(Dataset entries)
----
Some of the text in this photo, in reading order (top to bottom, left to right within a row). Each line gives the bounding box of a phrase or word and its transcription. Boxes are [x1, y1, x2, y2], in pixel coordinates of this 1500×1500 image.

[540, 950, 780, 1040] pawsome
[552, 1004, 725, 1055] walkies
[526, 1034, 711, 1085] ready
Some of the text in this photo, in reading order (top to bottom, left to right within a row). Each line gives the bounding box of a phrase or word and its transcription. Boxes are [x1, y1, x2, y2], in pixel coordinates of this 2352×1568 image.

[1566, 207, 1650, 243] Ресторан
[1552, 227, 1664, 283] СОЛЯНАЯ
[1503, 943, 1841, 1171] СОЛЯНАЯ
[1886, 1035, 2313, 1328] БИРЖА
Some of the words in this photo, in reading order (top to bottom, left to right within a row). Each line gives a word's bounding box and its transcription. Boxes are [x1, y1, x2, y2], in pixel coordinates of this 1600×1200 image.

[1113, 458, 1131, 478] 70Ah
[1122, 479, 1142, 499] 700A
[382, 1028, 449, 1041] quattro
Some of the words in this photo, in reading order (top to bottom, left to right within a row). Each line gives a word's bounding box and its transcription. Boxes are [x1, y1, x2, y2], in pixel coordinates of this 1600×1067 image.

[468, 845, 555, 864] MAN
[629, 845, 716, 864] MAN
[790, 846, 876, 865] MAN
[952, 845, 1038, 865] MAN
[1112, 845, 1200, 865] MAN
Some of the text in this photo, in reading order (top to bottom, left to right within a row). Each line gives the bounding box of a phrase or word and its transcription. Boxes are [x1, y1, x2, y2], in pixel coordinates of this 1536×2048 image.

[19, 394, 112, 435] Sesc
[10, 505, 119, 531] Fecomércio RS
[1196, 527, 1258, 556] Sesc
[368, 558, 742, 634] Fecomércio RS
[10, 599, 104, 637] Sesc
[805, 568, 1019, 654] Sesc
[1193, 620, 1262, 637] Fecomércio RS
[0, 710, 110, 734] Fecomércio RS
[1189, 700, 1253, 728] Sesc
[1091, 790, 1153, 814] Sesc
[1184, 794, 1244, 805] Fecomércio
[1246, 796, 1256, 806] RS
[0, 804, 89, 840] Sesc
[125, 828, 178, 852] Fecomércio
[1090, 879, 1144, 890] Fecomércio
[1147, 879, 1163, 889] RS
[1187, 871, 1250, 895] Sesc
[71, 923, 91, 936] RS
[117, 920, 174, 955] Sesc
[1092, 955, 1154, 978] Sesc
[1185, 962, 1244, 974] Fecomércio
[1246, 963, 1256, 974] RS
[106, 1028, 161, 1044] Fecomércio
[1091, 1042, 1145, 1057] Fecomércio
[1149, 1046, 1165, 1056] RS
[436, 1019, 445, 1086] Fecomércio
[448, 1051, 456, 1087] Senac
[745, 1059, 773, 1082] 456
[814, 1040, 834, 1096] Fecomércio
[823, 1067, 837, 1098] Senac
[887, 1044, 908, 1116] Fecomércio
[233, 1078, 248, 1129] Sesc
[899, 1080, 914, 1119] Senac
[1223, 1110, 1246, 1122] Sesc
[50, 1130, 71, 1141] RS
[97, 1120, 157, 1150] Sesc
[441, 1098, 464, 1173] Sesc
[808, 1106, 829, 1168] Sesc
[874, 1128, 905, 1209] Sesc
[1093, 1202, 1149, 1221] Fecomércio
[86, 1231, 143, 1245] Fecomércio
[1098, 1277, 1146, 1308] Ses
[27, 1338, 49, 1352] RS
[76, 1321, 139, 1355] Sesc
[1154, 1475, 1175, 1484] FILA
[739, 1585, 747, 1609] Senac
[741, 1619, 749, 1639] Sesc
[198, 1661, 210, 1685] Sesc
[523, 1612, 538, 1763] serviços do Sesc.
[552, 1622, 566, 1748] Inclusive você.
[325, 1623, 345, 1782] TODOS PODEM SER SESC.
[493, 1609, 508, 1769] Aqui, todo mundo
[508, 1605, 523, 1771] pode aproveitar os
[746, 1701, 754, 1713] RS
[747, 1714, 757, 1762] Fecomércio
----
▸ What to work on
Type the entries out again so that they match exactly.

▸ Problem solution
Some of the text in this photo, in reading order (top to bottom, left to right within a row). Each line gives the bounding box of a phrase or word and its transcription. Boxes are [x1, y1, x2, y2], in pixel coordinates of this 1500×1500 image.

[540, 950, 780, 1040] pawsome
[552, 1004, 725, 1055] walkies
[526, 1034, 711, 1085] ready
Some of the text in this photo, in reading order (top to bottom, left to right within a row). Each line gives the bounding box of a phrase or word and its transcription. Boxes are [x1, y1, x2, y2], in pixel coordinates of this 2352×1568 image.

[1566, 207, 1650, 243] Ресторан
[1552, 227, 1664, 283] СОЛЯНАЯ
[1503, 943, 1841, 1171] СОЛЯНАЯ
[1886, 1035, 2313, 1328] БИРЖА
Some of the words in this photo, in reading order (top to bottom, left to right within a row). Each line gives a word's bounding box and its transcription. Boxes are [x1, y1, x2, y2], in pixel coordinates of this 1600×1200 image.

[1113, 458, 1131, 478] 70Ah
[1122, 479, 1142, 499] 700A
[382, 1028, 449, 1041] quattro
Some of the words in this photo, in reading order (top to bottom, left to right within a row). Each line gives a word's bounding box and its transcription. Boxes are [x1, y1, x2, y2], in pixel coordinates of this 1600×1067 image.

[468, 845, 555, 864] MAN
[629, 845, 716, 864] MAN
[790, 846, 876, 865] MAN
[952, 845, 1038, 865] MAN
[1112, 845, 1200, 865] MAN
Some of the text in this photo, in reading order (top to bottom, left to right within a row). Each line gives the bounding box of a phrase or word and its transcription. Boxes are [x1, y1, x2, y2], in pixel coordinates of this 1536×2048 image.

[19, 394, 112, 435] Sesc
[10, 505, 119, 531] Fecomércio RS
[1196, 527, 1258, 556] Sesc
[368, 558, 742, 634] Fecomércio RS
[10, 599, 104, 637] Sesc
[805, 568, 1019, 654] Sesc
[1193, 620, 1262, 637] Fecomércio RS
[0, 710, 110, 734] Fecomércio RS
[1189, 700, 1253, 728] Sesc
[1091, 790, 1153, 814] Sesc
[1184, 794, 1244, 805] Fecomércio
[1246, 796, 1256, 806] RS
[0, 804, 89, 840] Sesc
[125, 828, 178, 852] Fecomércio
[1090, 879, 1144, 890] Fecomércio
[1147, 879, 1163, 889] RS
[1187, 871, 1250, 895] Sesc
[71, 923, 91, 936] RS
[117, 920, 174, 955] Sesc
[1092, 955, 1154, 978] Sesc
[1185, 962, 1244, 974] Fecomércio
[1246, 963, 1256, 974] RS
[106, 1028, 161, 1044] Fecomércio
[1091, 1042, 1145, 1057] Fecomércio
[1149, 1046, 1165, 1056] RS
[436, 1019, 445, 1086] Fecomércio
[448, 1051, 456, 1087] Senac
[745, 1059, 773, 1082] 456
[814, 1040, 834, 1096] Fecomércio
[823, 1067, 837, 1098] Senac
[887, 1044, 908, 1116] Fecomércio
[233, 1078, 248, 1129] Sesc
[899, 1080, 914, 1119] Senac
[1223, 1110, 1246, 1122] Sesc
[50, 1130, 71, 1141] RS
[97, 1120, 157, 1150] Sesc
[441, 1098, 464, 1173] Sesc
[808, 1106, 829, 1168] Sesc
[874, 1128, 905, 1209] Sesc
[1093, 1202, 1149, 1221] Fecomércio
[86, 1231, 143, 1245] Fecomércio
[1098, 1277, 1146, 1308] Ses
[27, 1338, 49, 1352] RS
[76, 1321, 139, 1355] Sesc
[1154, 1475, 1175, 1484] FILA
[739, 1585, 747, 1609] Senac
[741, 1619, 749, 1639] Sesc
[198, 1661, 210, 1685] Sesc
[523, 1612, 538, 1763] serviços do Sesc.
[552, 1622, 566, 1748] Inclusive você.
[325, 1623, 345, 1782] TODOS PODEM SER SESC.
[493, 1609, 508, 1769] Aqui, todo mundo
[508, 1605, 523, 1771] pode aproveitar os
[746, 1701, 754, 1713] RS
[747, 1714, 757, 1762] Fecomércio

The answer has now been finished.